### Dataset entries

——————————

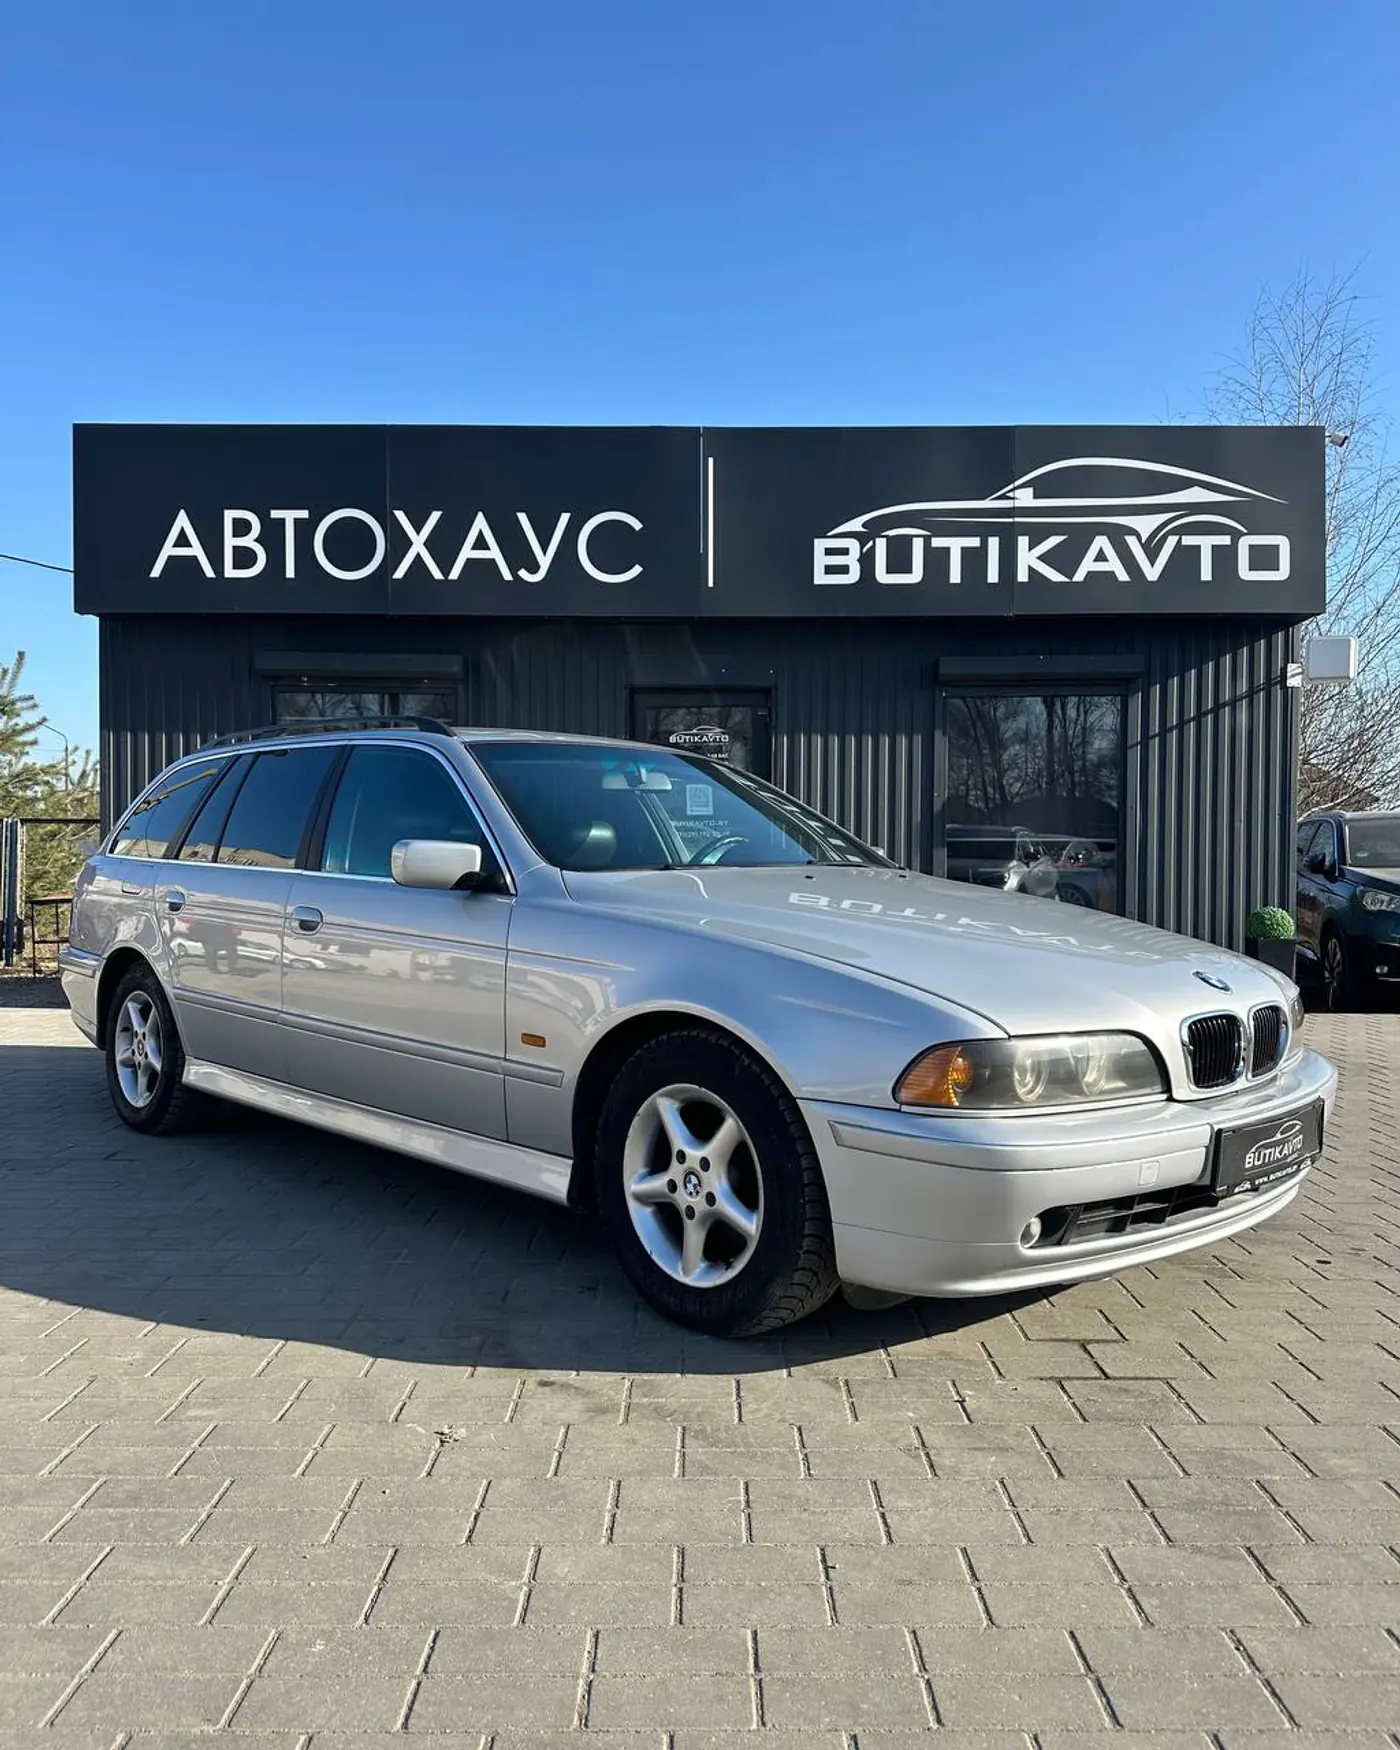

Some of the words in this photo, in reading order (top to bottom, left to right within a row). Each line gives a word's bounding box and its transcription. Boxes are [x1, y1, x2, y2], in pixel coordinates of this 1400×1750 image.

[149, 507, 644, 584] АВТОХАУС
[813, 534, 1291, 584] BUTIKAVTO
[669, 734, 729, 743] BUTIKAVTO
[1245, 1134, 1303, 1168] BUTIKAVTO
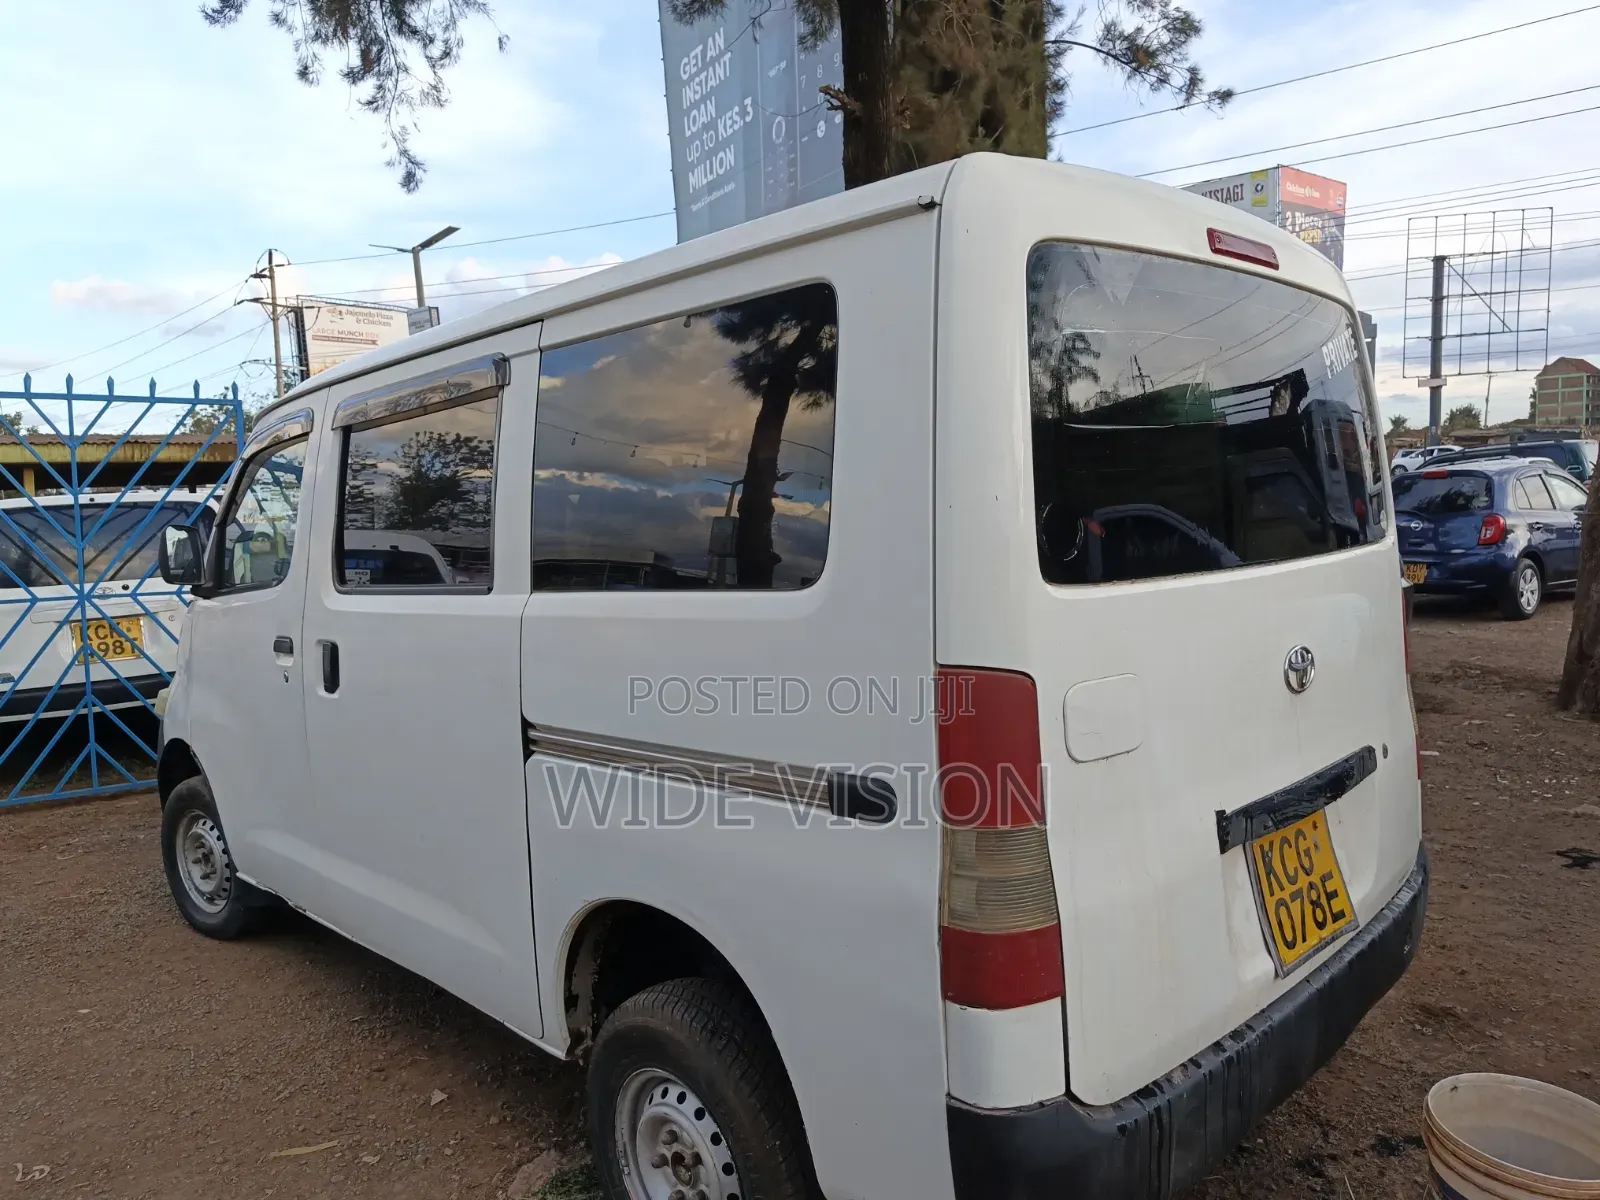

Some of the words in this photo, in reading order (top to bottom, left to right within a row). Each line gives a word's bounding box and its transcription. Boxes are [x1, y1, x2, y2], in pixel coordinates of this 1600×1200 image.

——————————

### Instructions for the task
Would you mind returning each entry above word for word, skipping the images?

### Solution to the exercise
Some of the words in this photo, in reading order (top to bottom, left to right within a row). Each line gives a word's bounding box and its transcription. Boxes are [x1, y1, x2, y2], in pixel coordinates of this 1400×1750 image.

[149, 507, 644, 584] АВТОХАУС
[813, 534, 1291, 584] BUTIKAVTO
[669, 734, 729, 743] BUTIKAVTO
[1245, 1134, 1303, 1168] BUTIKAVTO

Some of the words in this photo, in reading order (top to bottom, left to right within a row). Each line gives a word's bounding box and its transcription. Boxes are [x1, y1, x2, y2], in pixel coordinates of this 1600×1200 image.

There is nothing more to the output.